══ Task input ══

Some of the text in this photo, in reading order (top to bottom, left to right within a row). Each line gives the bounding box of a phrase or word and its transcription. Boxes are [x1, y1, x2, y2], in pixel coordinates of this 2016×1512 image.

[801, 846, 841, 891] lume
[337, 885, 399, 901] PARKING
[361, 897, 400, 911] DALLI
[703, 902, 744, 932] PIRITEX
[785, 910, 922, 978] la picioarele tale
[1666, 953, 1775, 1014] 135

═══

## Activity
Each entry shown above should be copied out exactly.

## Answer to the problem
Some of the text in this photo, in reading order (top to bottom, left to right within a row). Each line gives the bounding box of a phrase or word and its transcription. Boxes are [x1, y1, x2, y2], in pixel coordinates of this 2016×1512 image.

[801, 846, 841, 891] lume
[337, 885, 399, 901] PARKING
[361, 897, 400, 911] DALLI
[703, 902, 744, 932] PIRITEX
[785, 910, 922, 978] la picioarele tale
[1666, 953, 1775, 1014] 135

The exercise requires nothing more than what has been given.